= Design & Art Australia Online =

Database of Australian art and design

Design & Art Australia Online (DAAO) is an online database of Australian artists. It is fully integrated with other related databases, using syndicated metadata, making it a dynamic resource.

It began as a project begun in the 1970s at the University of Sydney under the leadership of Bernard Smith, then called Dictionary of Australian Artists (DAA), and was continued after his retirement in 1981 by Joan Kerr. The dictionary went online as the digitised version of the DAA, known as the Dictionary of Australian Artists Online, in the early 2000s, before being revised and extended as Design & Art Australia Online in 2010.

==History==
The project to create the Dictionary of Australian Artists began in the 1970s at the University of Sydney under the leadership of Bernard Smith and funded by the Australian Research Council (ARC). Its development was continued after his retirement in 1981 by Joan Kerr (1938–2004), who brought a new standard of inclusivity to a work that had concentrated on mainstream figures.

In early 2003 Kerr found that it was not possible to publish her recent research on Australian black and white artists. In addition the 1991 edition of the Dictionary was out of print, and being marketed as a rare book, but Oxford University Press were not interested in a new edition. In both cases publishers indicated that the small size of the Australian book market meant that scholarly publications of this nature were no longer a viable financial proposition. Kerr discussed her problem with Joanna Mendelssohn when she was giving a guest lecture to Mendelssohn's Australian art history students at the College of Fine Arts (COFA). Mendelssohn's writing students had begun to publish their work online in a (now defunct) blog entitled Artwrite and she was only too aware of the lack of reliable scholarly material on Australian art on the web. She suggested to Kerr that the solution was to take her research online. Mendelssohn enlisted the support of University of New South Wales (UNSW) librarian Andrew Wells and Neil Brown, the COFA Associate Dean of Research.

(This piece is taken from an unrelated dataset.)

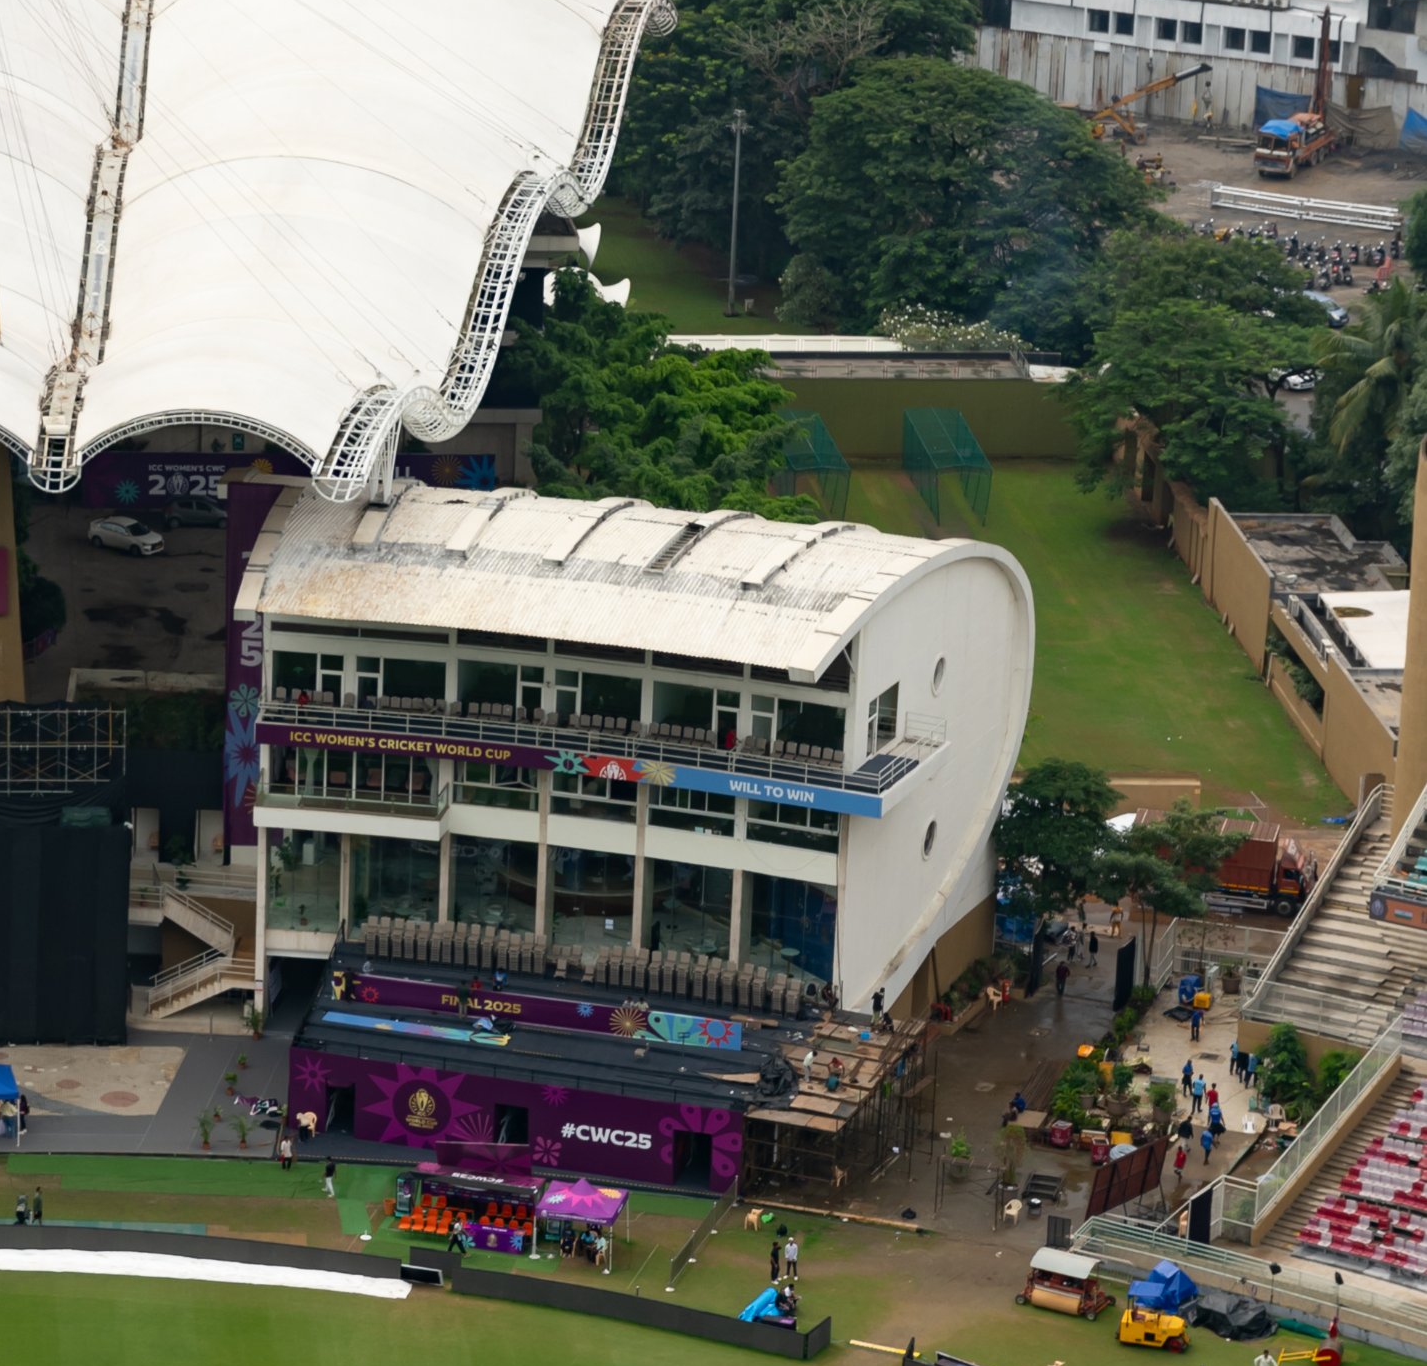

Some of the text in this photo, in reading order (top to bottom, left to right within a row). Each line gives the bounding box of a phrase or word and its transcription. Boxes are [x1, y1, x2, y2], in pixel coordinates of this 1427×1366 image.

When Kerr was diagnosed with terminal cancer, the project became a national effort by scholars in Australian art to ensure that Kerr's legacy would be in part a continuance of her scholarly research. Kerr asked for Vivien Johnson, author of scholarly works on Western Desert artists, to become editor in chief of the project. Before she died on 22 February 2004, she knew that a national partnership of universities, art galleries, and libraries was in the process of applying for funding to create the Dictionary of Australian Artists Online (DAAO). The first ARC grant in support of the project was a partnership headed by UNSW, the Art Gallery of New South Wales, The National Gallery of Australia, the National Library of Australia, the State Library of New South Wales, the University of Sydney, and Charles Darwin University.

Initially, three major books were digitised: the two works by Kerr (Dictionary of Australian Artists, Painters, Sketchers, Photographers and Engravers to 1870. (1992) ISBN 0-19-553290-2 and Heritage: The National Women's Art Book (1995) ISBN 976-641-045-3) and one by Johnson (Western Desert Artists: A Biographical Dictionary (1995) ISBN 976-8097-81-7), plus a database of cartoonists prepared previously by Kerr and of prints by Roger Butler of the National Gallery of Australia. Johnson, with the assistance of Tess Allas and Laura Fisher, also added an extensive database of Aboriginal biographies created as a part of her Storylines project, a three-year ARC-funded survey of "non-remote" Indigenous artists undertaken from 2007 to 2009.

The first project director was Leonie Hellmers (2005 to 2008).

In 2010, after a third ARC grant, the DAAO began the process of revising its website and transforming itself into Design & Art Australia Online. In late July 2011, the new website was launched.

In 2015 DAAO was awarded another ARC grant, on the 10th anniversary of the first one.

==Description and governance==
DAAO aims to be the "definitive open access source of information on Australian artists". Today it is fully integrated with other related databases, using syndicated metadata, making it a dynamic resource.

As of 2023 the lead chief investigator is Ross Harley, while Olivia Bolton is project manager. DAAO is governed by a management committee, consisting of representatives of the Universities of Sydney and New South Wales, along with chief investigators. The editorial board includes Mendelssohn and Harley, along with six others.